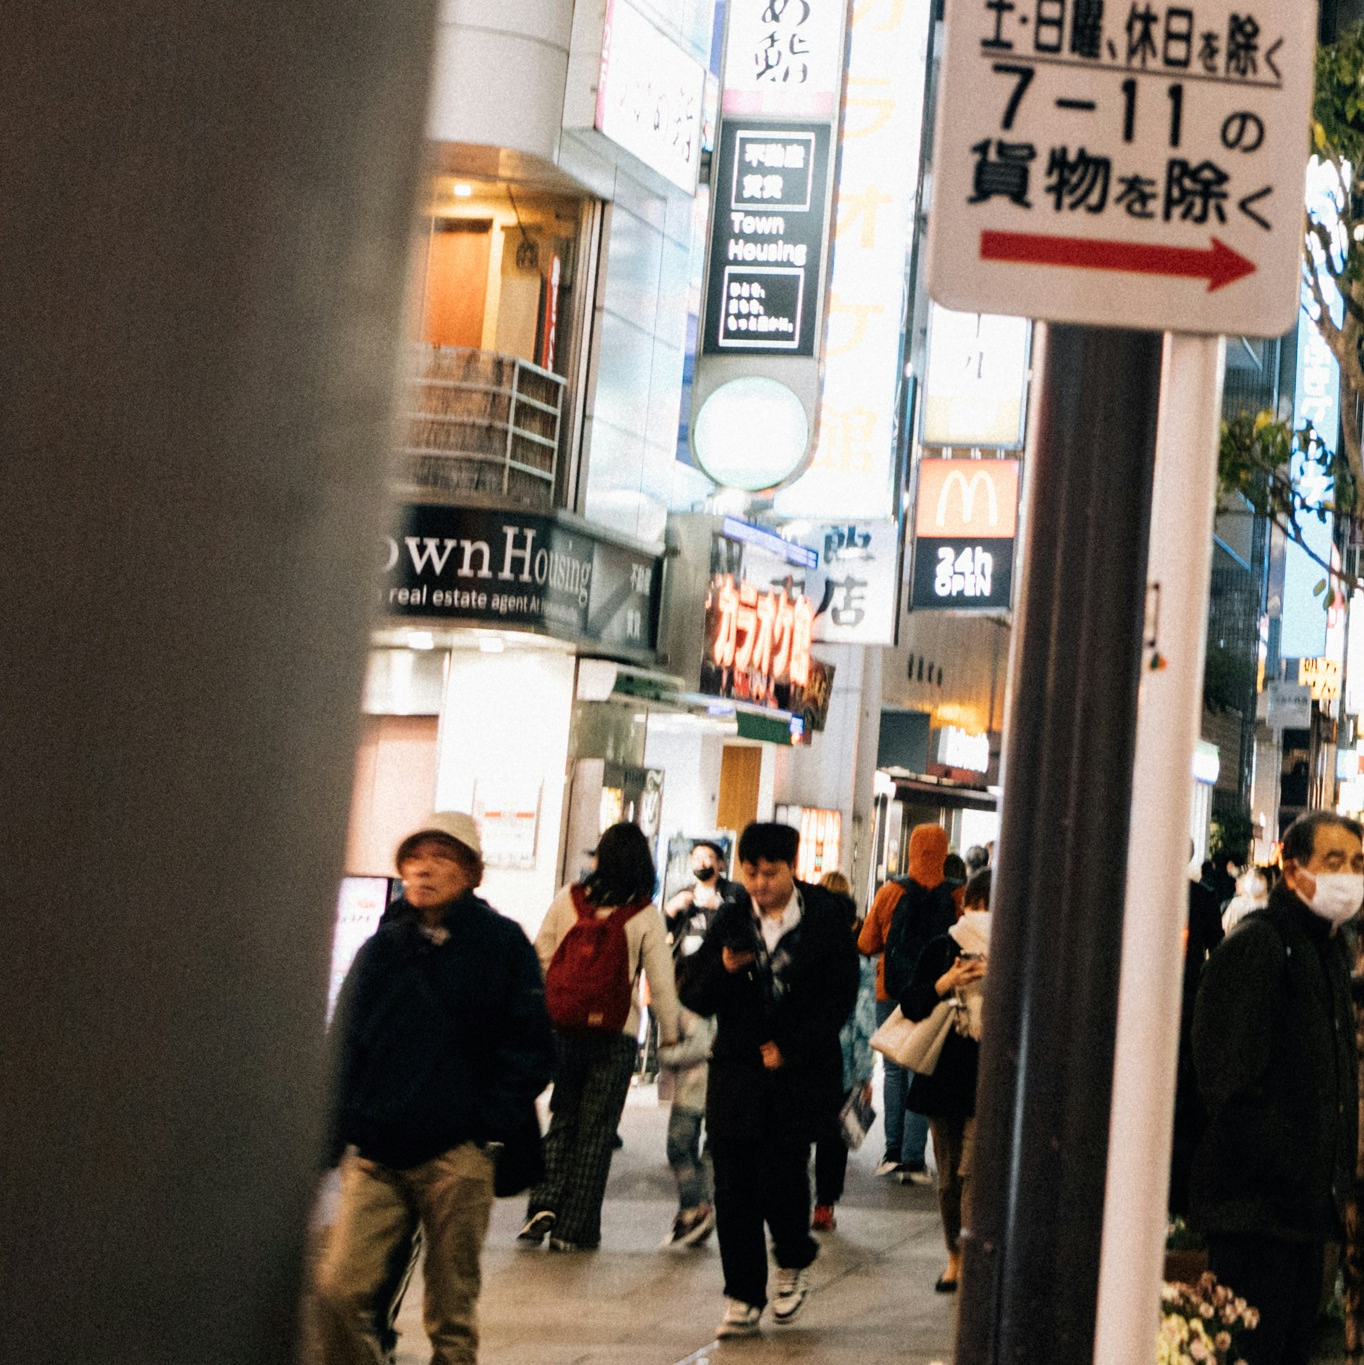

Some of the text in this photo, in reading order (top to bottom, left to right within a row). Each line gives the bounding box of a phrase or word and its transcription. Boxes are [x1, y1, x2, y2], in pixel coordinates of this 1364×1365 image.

[966, 138, 1274, 232] 貨物を除く
[730, 211, 785, 235] Town
[728, 238, 808, 267] Housing
[935, 546, 993, 576] 24h
[390, 584, 428, 606] real
[432, 587, 488, 610] estate
[491, 592, 530, 616] agent
[934, 574, 992, 597] OPEN
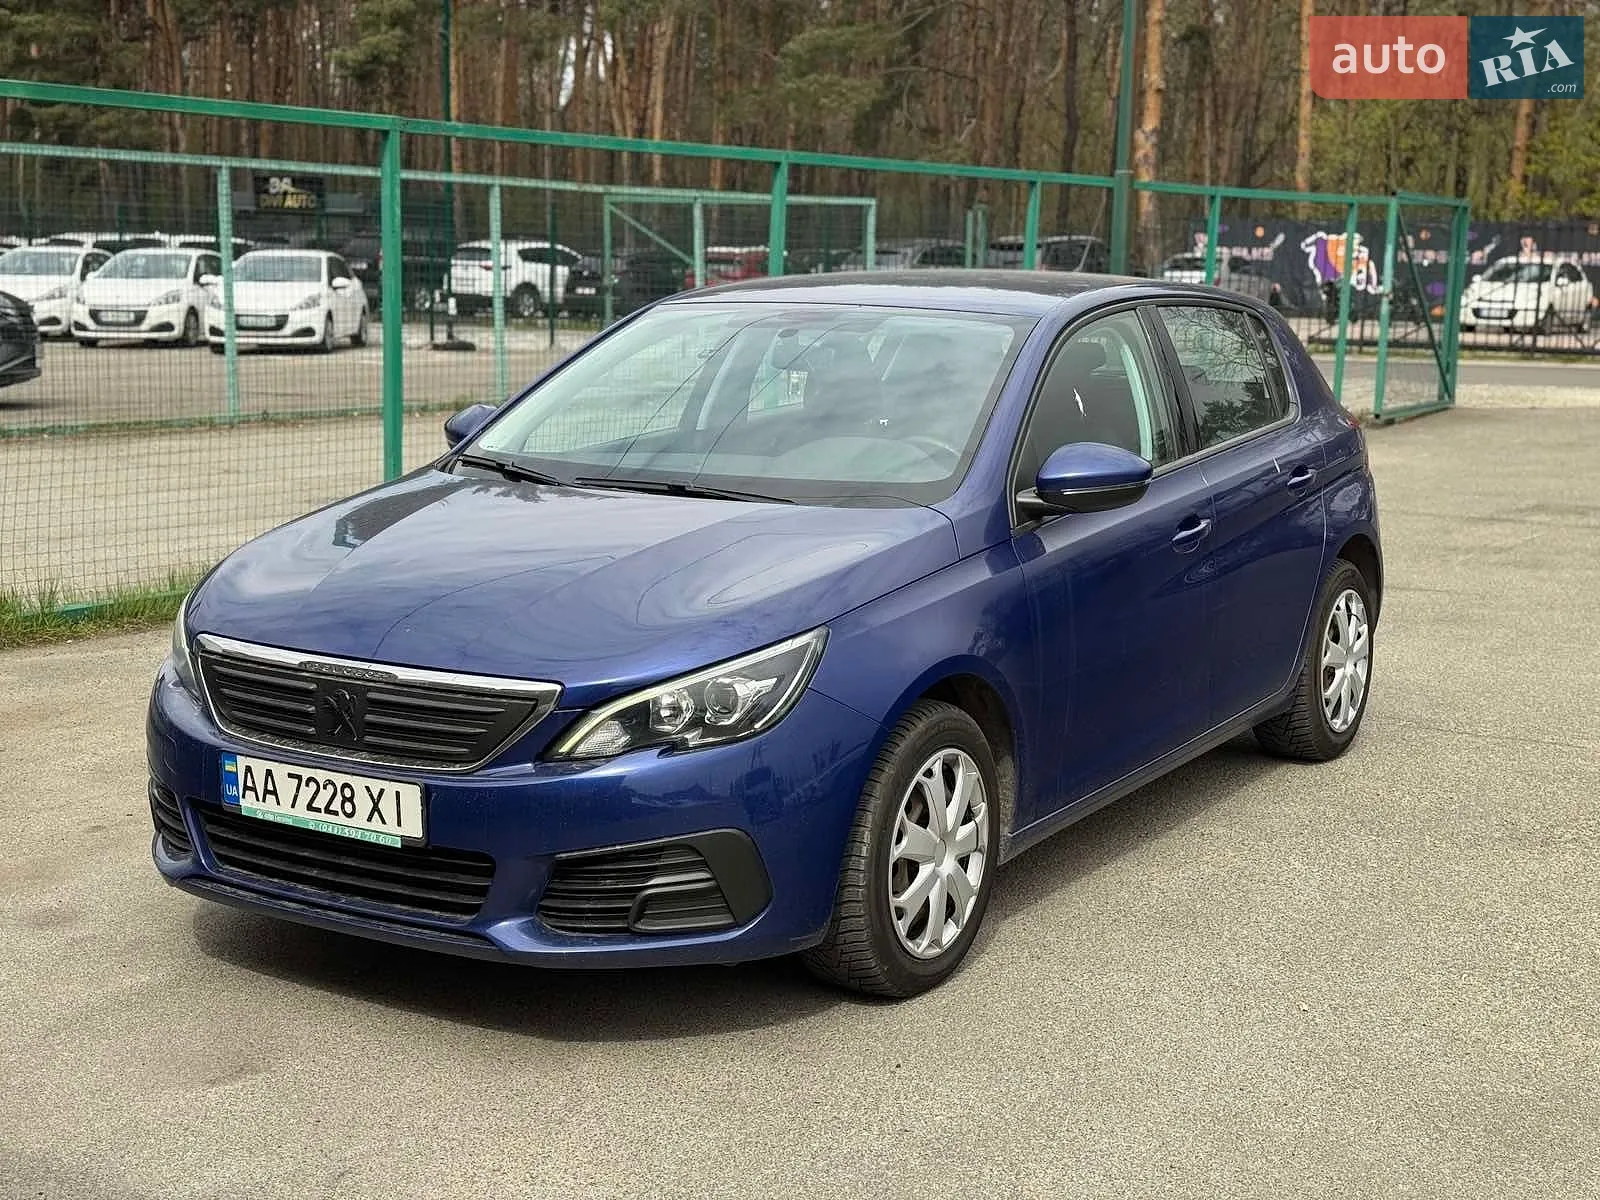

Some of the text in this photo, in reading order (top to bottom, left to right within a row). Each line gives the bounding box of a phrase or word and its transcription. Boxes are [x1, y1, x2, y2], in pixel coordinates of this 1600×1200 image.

[283, 193, 317, 208] AUTO
[225, 783, 239, 797] UA
[241, 764, 402, 828] AA 7228 XI
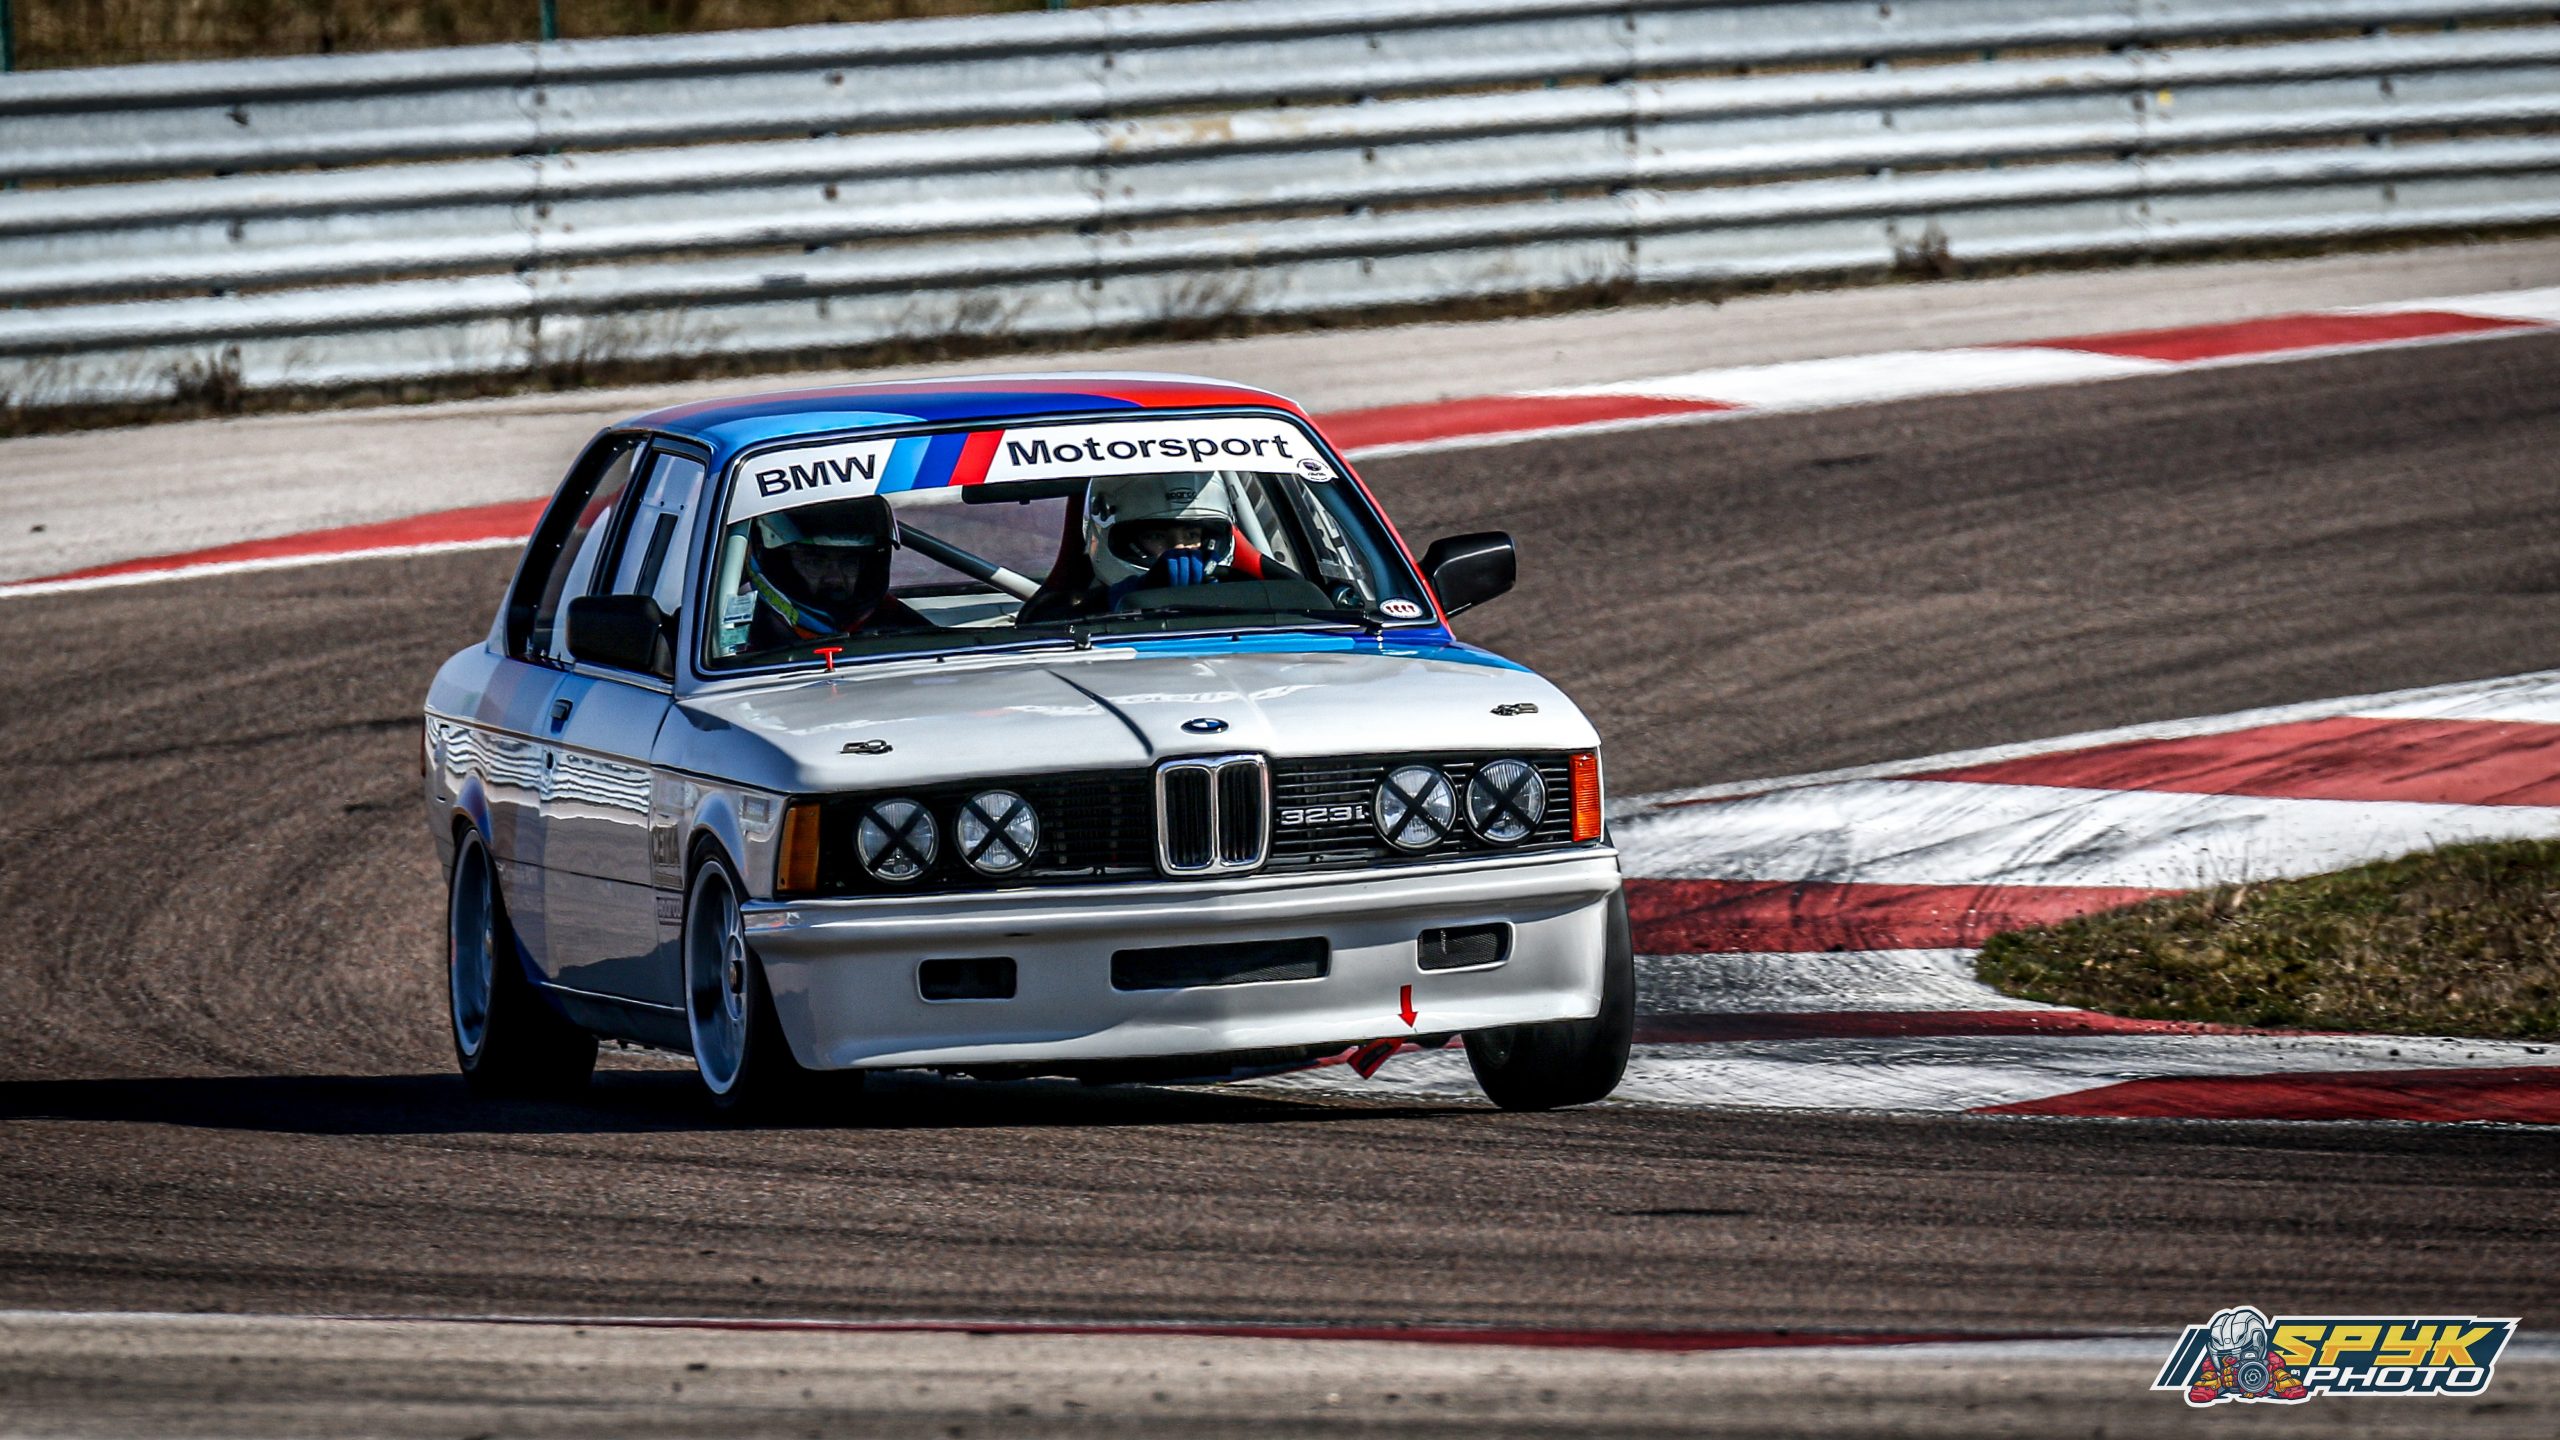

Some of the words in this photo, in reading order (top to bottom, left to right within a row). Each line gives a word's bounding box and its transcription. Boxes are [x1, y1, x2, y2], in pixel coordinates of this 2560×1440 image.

[755, 454, 876, 497] BMW
[1006, 435, 1293, 466] Motorsport
[1281, 806, 1366, 825] 323i

====

» **INSTRUCTIONS TO FOLLOW**:
Repeat every line above exactly, but omit all images.

» **RESULT OF THE TASK**:
Some of the text in this photo, in reading order (top to bottom, left to right within a row). Each line gives the bounding box of a phrase or word and its transcription. Boxes are [x1, y1, x2, y2], in pixel coordinates of this 1364×1365 image.

[966, 138, 1274, 232] 貨物を除く
[730, 211, 785, 235] Town
[728, 238, 808, 267] Housing
[935, 546, 993, 576] 24h
[390, 584, 428, 606] real
[432, 587, 488, 610] estate
[491, 592, 530, 616] agent
[934, 574, 992, 597] OPEN

Some of the text in this photo, in reading order (top to bottom, left to right within a row). Each line gives the bounding box of a phrase or word and its transcription. Boxes are [x1, y1, x2, y2], in pixel coordinates of this 1600×1200 image.

[283, 193, 317, 208] AUTO
[225, 783, 239, 797] UA
[241, 764, 402, 828] AA 7228 XI

Some of the words in this photo, in reading order (top to bottom, left to right within a row). Each line gives a word's bounding box and its transcription. Boxes are [x1, y1, x2, y2], in pixel coordinates of this 2560×1440 image.

[755, 454, 876, 497] BMW
[1006, 435, 1293, 466] Motorsport
[1281, 806, 1366, 825] 323i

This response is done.